For millions of Americans, abortion is the first, if not the only, issue they think about when it comes to the Supreme Court. It’s why many on the right embraced Trump despite his “problematic” character; he’d promised to name a justice who would overturn Roe v. Wade. It’s why Democrats on the Judiciary Committee always begin their inquisition of Republicans by asking whether they believe there’s a right to privacy in the Constitution, and then asking whether that includes abortion. And it’s why nominees twist themselves into knots to avoid giving a straight answer. (At his hearing, Clarence Thomas, who was in law school when Roe v. Wade was decided, claimed he’d never even had a conversation about the case and claimed that since becoming a judge, he’d “stripped” himself of his many past pro-life stands.)

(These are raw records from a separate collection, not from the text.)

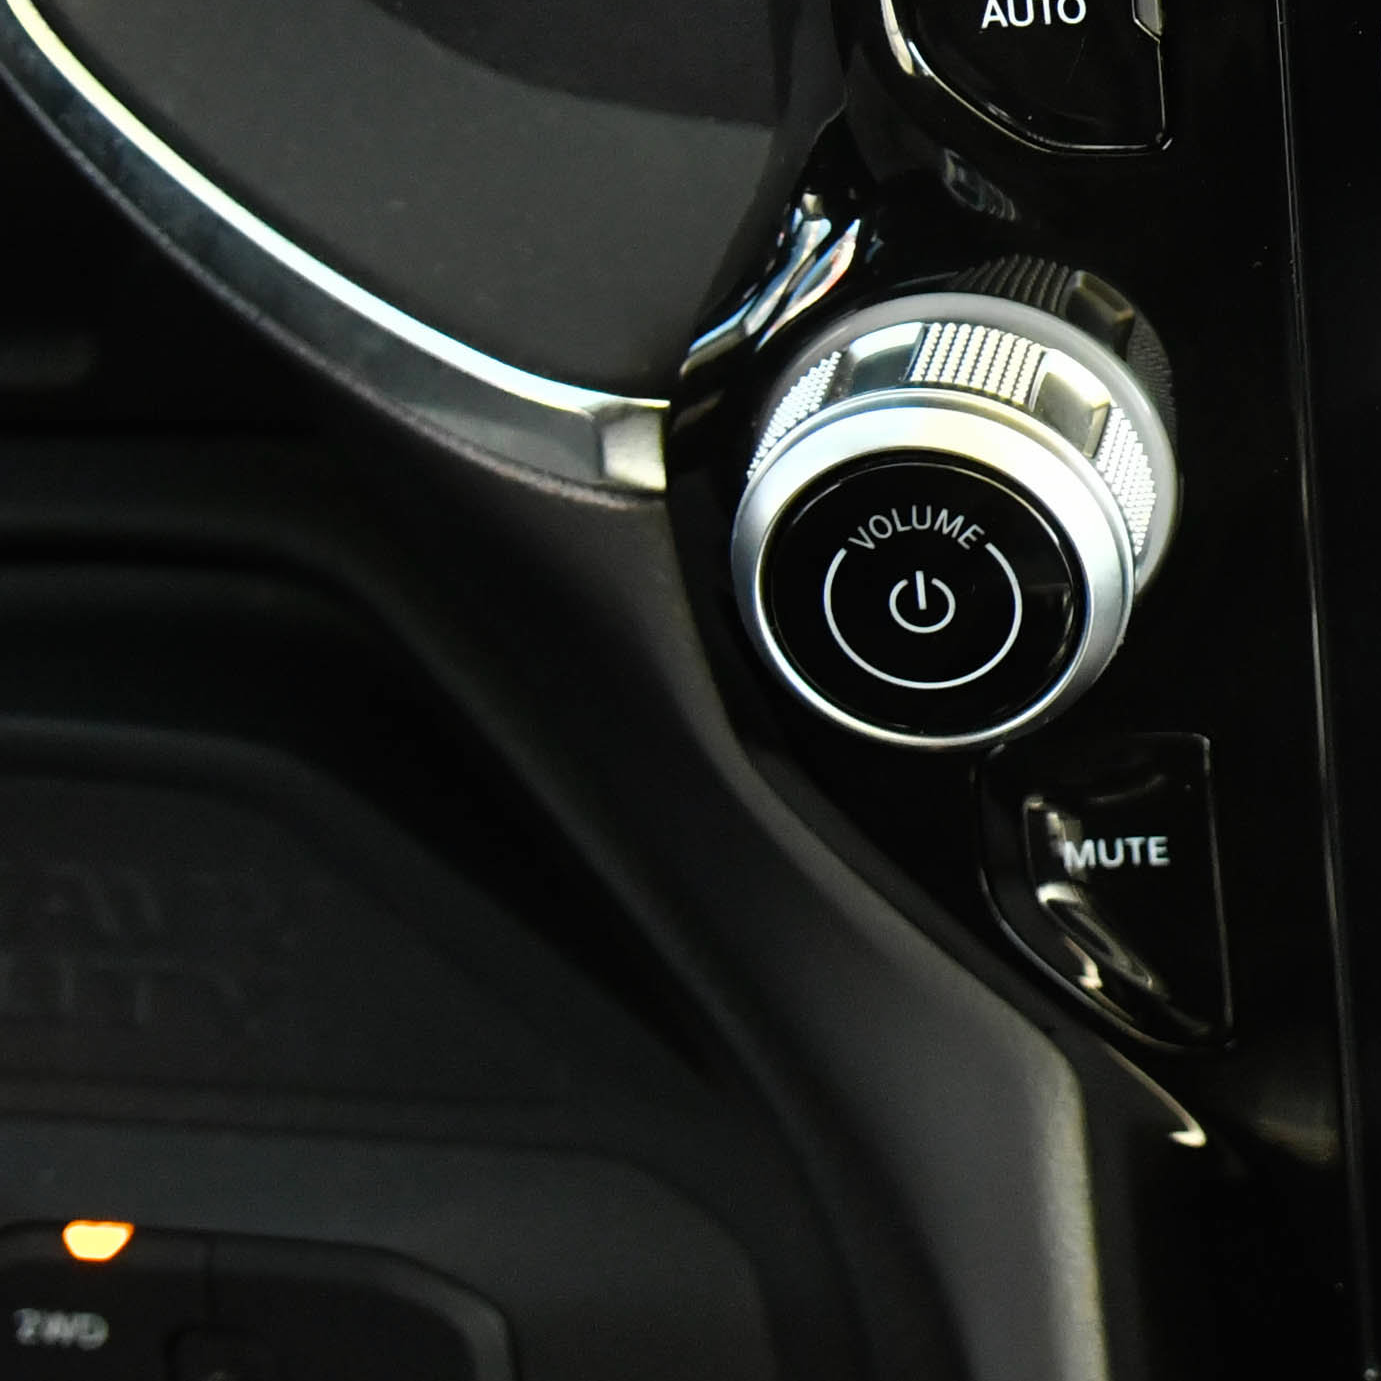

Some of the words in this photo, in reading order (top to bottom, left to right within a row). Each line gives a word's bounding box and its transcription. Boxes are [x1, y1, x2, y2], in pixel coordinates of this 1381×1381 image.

[847, 504, 986, 553] VOLUME
[1062, 835, 1171, 871] MUTE
[14, 1308, 109, 1349] 2WD
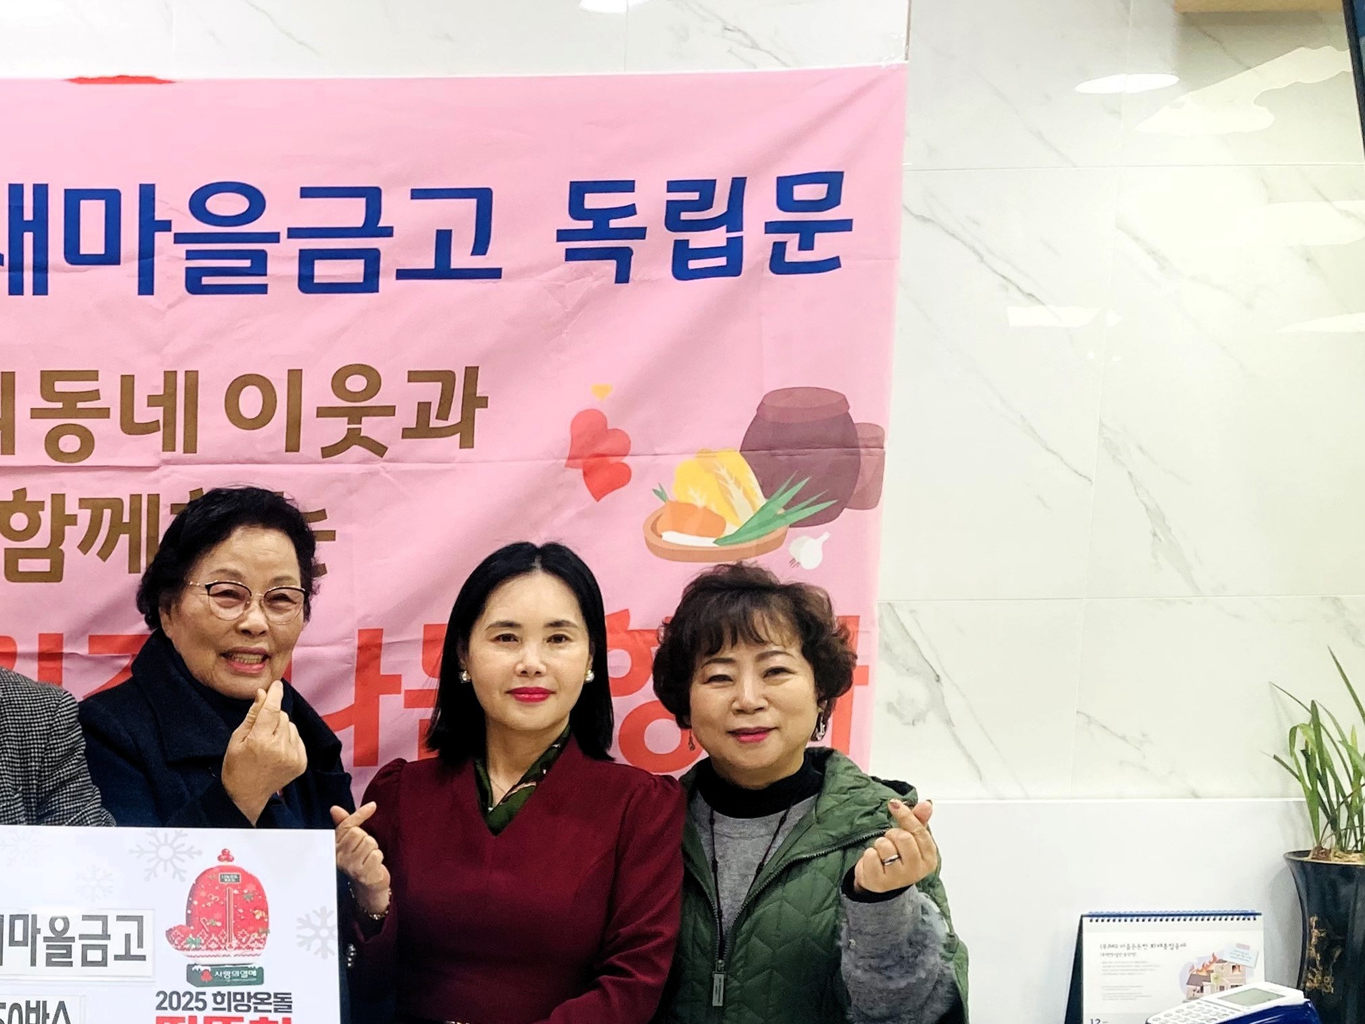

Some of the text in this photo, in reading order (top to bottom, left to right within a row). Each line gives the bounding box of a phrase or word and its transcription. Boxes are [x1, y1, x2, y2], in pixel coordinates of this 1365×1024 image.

[556, 171, 853, 284] 독립문
[225, 364, 488, 458] 이웃과
[155, 990, 293, 1013] 2025 희망온돌

But there may even be a way to approach an issue this sensitive—after Gorsuch has, as he certainly will, declined to answer the question directly.
“Judge, candidates for president used to say that had no ‘litmus test’ for nominees. But last year, both candidates said emphatically that they did have such a test. Secretary Clinton pledged to appoint only nominees who could protect ‘a woman’s right to chose.’ Donald Trump pledged only to appoint nominees who would overturn Roe v. Wade. So why shouldn’t we take the fact that he chose you as convincing evidence about how you would vote on such a matter? In fact, given his pledge, wouldn’t it have been incumbent on you to warn President Trump if there was any reason to think you might not vote that way?”
That question, by the way, could come just as easily from a fervent opponent of abortion—like Ted Cruz or Mike Lee—as from an ardent supporter, like Dianne Feinstein or Patrick Leahy. And, even if Gorsuch politely declines to engage, it would spotlight the degree to which presidential candidates and presidents seek to avoid choosing a justice who will “surprise” them, in the way David Souter, appointed by George H.W. Bush, turned into one of the more liberal members of the court.
I offer these suggestions knowing that they comprise a modest proposal. Nothing will stop the members of the committee from posturing before a television audience, making speeches that are questions in form only, and repeating the same points ad nauseum. But it’s worth at least trying to see whether, in the midst of all the heat a Supreme court nomination triggers, there’s a chance for a little bit of light.